But nothing unusual there at all. From a cash flow perspective for 2012, again, we provided adjusted net income guidance of between $217 million and $222 million and that's effectively our cash flow.
Operator
Our next question comes from the line of Glenn Fodor with Morgan Stanley.
Glenn Fodor - Morgan Stanley
Just reconciling the guidance increase to the results in the quarter. There was some upside to the expectations, but your texture on Europe and the U.S.
was the things that are just kind of trucking along and flat, but then you closed the quarter with a very positive sales. Was that the driver for what appears to be maybe a little outsize increase versus the performance in the quarter?
Eric Dey
I wouldn't say the sales had a big impact on the quarter, Glenn. I mean sales certainly impact the business over the long term.

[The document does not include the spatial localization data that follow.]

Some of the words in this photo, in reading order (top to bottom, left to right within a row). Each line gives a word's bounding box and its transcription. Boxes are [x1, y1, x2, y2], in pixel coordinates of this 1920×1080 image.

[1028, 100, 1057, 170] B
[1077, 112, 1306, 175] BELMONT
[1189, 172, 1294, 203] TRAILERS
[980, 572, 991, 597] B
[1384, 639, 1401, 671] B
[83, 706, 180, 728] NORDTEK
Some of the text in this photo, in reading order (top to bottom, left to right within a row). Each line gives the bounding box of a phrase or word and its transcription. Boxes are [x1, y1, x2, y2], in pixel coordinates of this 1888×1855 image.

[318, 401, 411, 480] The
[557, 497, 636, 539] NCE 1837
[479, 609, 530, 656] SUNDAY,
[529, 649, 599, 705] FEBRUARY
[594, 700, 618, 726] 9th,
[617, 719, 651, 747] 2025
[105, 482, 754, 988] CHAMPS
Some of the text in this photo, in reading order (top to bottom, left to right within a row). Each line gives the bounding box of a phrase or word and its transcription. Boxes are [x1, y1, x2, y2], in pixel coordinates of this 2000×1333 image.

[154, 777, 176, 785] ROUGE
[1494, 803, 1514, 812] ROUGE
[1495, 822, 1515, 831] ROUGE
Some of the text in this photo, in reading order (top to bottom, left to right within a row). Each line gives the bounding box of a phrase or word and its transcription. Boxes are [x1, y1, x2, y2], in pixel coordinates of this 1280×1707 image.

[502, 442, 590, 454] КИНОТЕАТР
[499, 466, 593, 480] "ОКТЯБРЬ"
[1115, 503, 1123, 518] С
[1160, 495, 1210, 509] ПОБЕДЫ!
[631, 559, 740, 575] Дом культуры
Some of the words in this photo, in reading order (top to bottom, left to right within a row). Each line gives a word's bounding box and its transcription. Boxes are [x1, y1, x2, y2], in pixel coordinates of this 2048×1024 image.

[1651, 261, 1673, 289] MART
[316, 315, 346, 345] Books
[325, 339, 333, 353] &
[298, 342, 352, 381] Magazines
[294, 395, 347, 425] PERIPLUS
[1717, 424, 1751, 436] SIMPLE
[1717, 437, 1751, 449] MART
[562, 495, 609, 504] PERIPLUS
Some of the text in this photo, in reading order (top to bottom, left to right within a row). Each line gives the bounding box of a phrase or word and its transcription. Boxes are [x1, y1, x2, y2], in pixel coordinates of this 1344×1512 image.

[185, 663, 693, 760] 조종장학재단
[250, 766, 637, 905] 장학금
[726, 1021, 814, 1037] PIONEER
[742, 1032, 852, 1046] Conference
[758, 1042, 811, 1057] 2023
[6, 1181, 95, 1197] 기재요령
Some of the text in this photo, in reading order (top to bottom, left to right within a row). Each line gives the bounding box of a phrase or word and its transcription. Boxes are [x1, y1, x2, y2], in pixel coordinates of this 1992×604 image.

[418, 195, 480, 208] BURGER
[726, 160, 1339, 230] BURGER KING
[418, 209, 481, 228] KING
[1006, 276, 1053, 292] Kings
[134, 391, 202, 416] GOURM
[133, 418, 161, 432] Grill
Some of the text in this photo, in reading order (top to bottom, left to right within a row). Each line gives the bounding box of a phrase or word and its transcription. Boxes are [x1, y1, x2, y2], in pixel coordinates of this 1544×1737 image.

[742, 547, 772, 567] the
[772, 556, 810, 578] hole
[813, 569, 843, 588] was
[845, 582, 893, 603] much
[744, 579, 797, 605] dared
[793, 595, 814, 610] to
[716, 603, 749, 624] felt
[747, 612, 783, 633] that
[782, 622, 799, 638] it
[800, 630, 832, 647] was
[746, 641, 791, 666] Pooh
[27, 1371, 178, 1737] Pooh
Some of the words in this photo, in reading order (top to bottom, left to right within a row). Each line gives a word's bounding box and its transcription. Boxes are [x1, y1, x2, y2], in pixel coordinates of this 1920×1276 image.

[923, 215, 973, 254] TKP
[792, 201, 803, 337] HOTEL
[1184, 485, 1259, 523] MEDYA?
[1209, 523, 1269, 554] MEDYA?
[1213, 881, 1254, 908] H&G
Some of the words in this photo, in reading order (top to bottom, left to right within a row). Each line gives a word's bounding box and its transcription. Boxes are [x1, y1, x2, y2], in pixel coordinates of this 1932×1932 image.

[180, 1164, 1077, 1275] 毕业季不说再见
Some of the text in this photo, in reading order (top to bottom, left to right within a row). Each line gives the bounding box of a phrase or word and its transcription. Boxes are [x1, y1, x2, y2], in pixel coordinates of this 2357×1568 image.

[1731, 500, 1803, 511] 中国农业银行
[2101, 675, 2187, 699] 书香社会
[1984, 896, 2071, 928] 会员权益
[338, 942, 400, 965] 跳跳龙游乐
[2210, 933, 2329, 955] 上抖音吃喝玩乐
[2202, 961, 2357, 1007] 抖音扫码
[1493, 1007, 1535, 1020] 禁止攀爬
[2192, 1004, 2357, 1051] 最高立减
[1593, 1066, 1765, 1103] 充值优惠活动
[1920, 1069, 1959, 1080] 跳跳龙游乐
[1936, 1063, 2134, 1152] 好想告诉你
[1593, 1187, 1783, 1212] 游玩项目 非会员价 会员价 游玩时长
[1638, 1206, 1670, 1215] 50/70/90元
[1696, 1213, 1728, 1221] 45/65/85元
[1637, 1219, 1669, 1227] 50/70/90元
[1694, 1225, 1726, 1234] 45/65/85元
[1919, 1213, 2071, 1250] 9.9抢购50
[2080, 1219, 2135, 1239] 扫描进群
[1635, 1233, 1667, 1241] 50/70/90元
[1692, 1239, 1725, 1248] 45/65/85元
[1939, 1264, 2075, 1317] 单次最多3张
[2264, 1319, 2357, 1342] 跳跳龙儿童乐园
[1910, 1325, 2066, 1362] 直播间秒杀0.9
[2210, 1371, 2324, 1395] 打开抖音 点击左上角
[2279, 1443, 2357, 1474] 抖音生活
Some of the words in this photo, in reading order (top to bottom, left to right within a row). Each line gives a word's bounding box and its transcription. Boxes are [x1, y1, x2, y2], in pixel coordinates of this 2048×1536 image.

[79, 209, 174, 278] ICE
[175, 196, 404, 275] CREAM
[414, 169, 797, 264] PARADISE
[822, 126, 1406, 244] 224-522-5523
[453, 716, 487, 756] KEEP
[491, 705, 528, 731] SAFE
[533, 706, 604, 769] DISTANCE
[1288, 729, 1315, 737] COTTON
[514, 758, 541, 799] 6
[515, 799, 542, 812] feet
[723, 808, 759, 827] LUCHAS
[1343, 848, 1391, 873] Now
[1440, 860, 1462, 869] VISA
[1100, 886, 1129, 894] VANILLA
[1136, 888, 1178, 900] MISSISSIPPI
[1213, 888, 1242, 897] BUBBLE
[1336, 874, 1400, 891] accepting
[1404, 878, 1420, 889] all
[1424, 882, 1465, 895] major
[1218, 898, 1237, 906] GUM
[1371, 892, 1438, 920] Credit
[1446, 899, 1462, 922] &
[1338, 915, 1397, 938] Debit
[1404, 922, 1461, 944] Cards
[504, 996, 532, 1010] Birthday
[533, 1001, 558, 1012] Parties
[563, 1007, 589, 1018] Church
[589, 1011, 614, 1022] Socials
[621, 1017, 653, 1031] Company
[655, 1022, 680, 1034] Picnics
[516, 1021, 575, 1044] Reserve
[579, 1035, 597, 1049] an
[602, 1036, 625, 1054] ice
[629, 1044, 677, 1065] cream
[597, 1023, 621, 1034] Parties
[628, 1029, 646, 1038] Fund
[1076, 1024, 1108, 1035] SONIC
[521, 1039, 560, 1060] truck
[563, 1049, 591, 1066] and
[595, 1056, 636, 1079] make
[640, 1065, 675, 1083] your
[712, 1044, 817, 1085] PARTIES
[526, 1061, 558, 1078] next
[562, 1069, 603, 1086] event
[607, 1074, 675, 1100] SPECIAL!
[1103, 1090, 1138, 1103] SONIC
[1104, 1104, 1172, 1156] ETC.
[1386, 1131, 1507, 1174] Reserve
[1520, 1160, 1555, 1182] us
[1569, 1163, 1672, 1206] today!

But I would say over the short term, in Q1 as Ron indicated and like I said in my section of the call, basically all businesses kind of performed according to plan. So we were very pleased with the performance everywhere.
The U.S. business was up about 16% organically year-over-year and effectively beat our internal expectations.
At the international level, obviously our revenue was up kind of 60%, driven to a large degree by the performance of our acquisitions. But again, I would say that all of our businesses performed well.
And if you go back to the fourth quarter earnings call, we actually guided to $0.55 and $0.59. So we actually beat our guidance pretty handily in the first quarter.
So I think overall, we're pretty pleased with the $0.60. From an overall perspective, obviously that beat in the first quarter obviously factored into our overall guidance perspective on the full year.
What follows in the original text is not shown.